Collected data
|---|
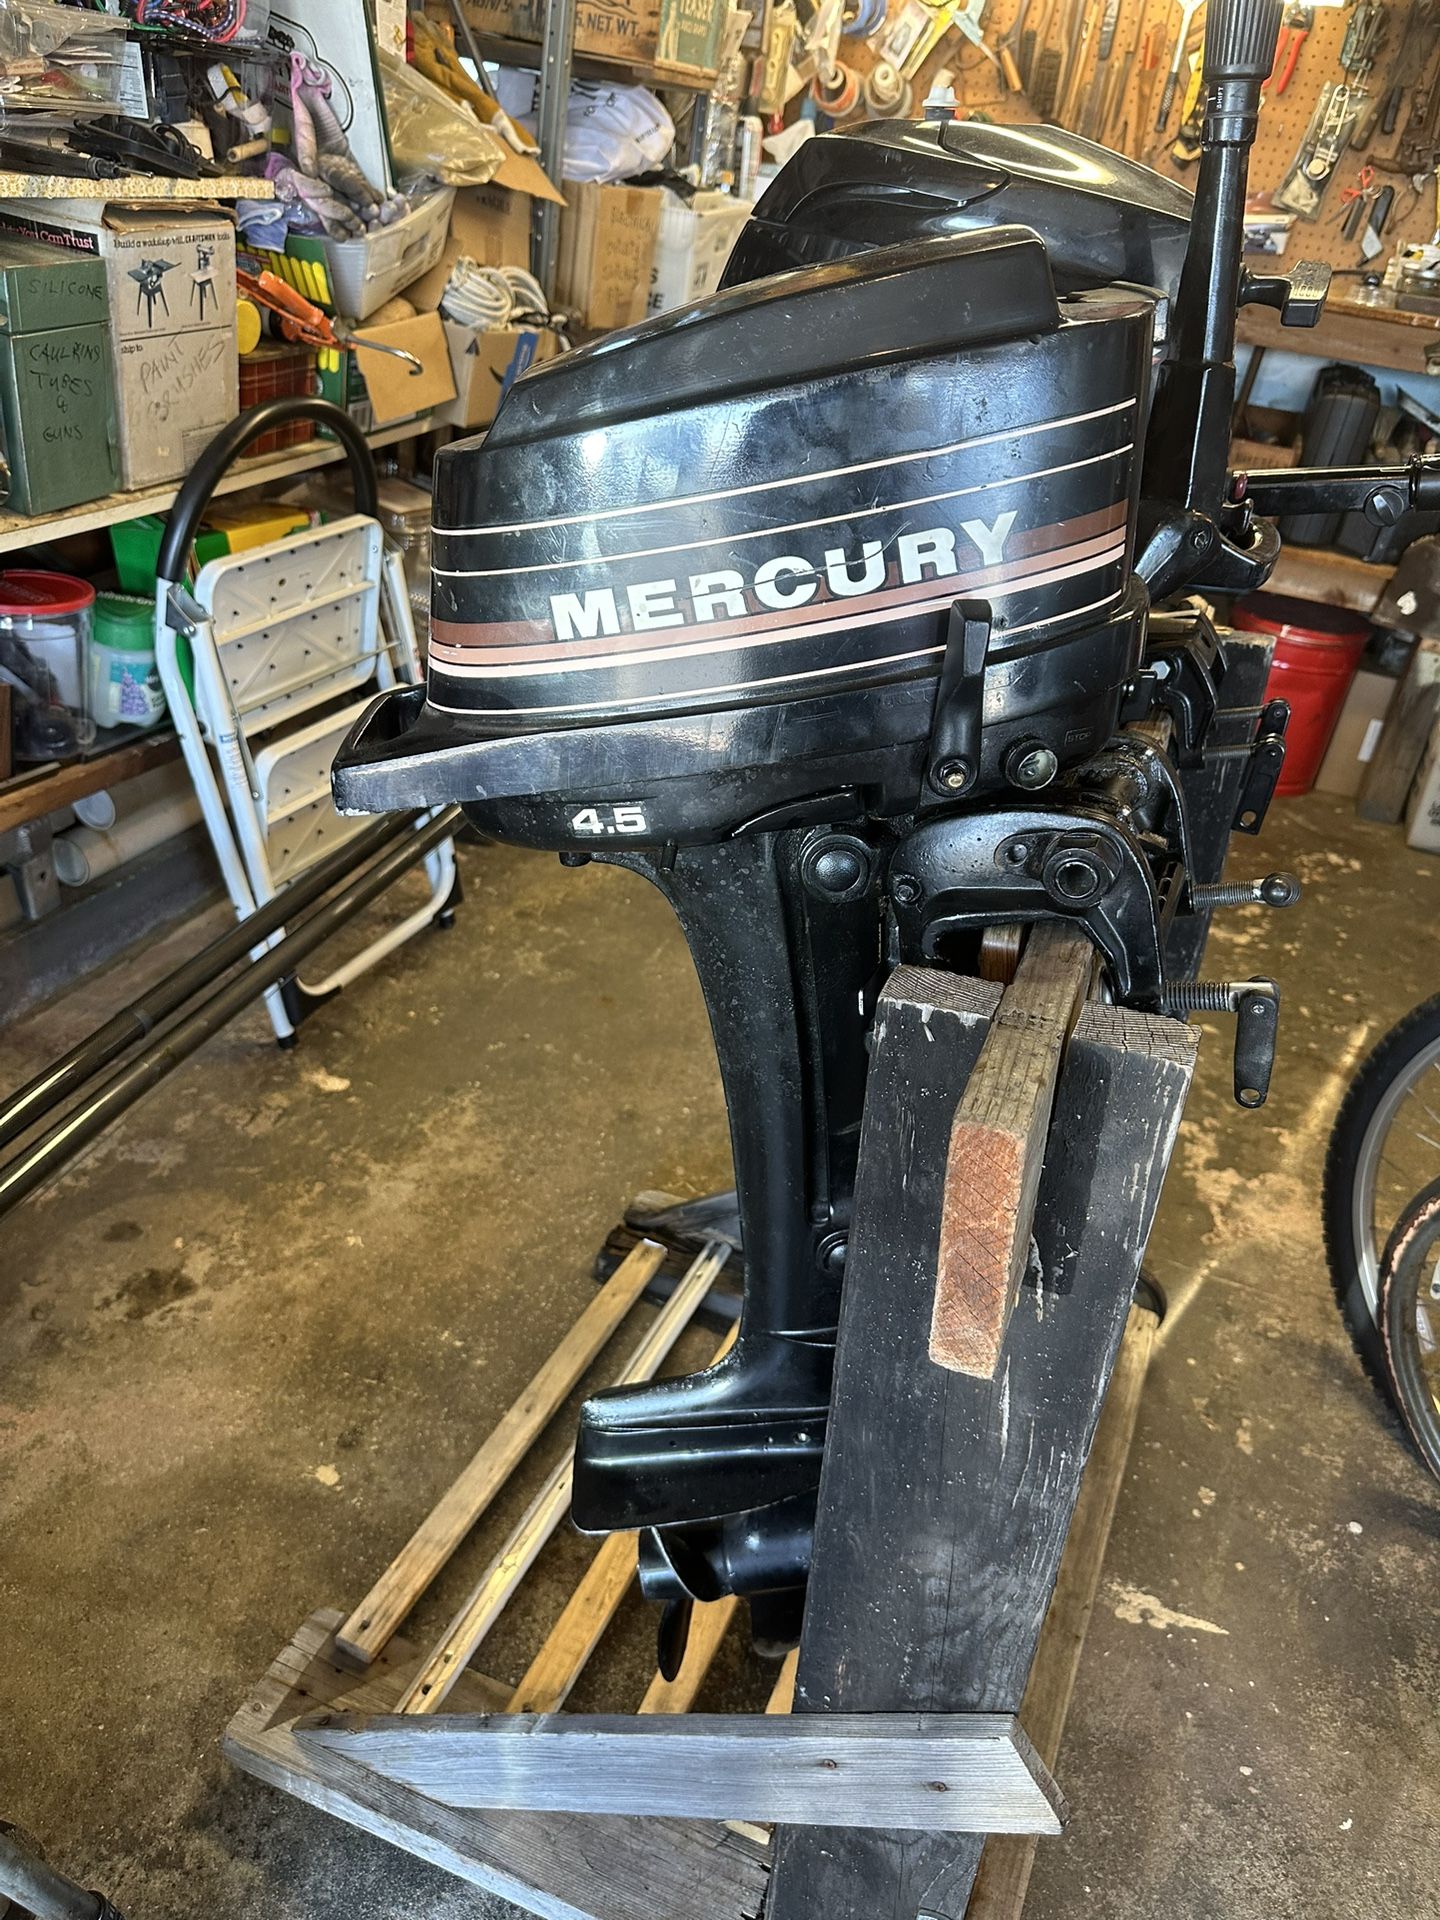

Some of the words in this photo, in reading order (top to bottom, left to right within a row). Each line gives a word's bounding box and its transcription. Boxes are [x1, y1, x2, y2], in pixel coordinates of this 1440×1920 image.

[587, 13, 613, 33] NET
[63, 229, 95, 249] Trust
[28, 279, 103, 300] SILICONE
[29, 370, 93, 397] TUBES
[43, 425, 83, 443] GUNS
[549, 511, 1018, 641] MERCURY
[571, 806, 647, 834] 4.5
|---|
- TASK INSTRUCTIONS -
Give an exact copy of the data, and omit any pictures it holds.

- EXERCISE OUTPUT -
Some of the words in this photo, in reading order (top to bottom, left to right within a row). Each line gives a word's bounding box and its transcription. Boxes are [x1, y1, x2, y2], in pixel coordinates of this 1440×1920 image.

[587, 13, 613, 33] NET
[63, 229, 95, 249] Trust
[28, 279, 103, 300] SILICONE
[29, 370, 93, 397] TUBES
[43, 425, 83, 443] GUNS
[549, 511, 1018, 641] MERCURY
[571, 806, 647, 834] 4.5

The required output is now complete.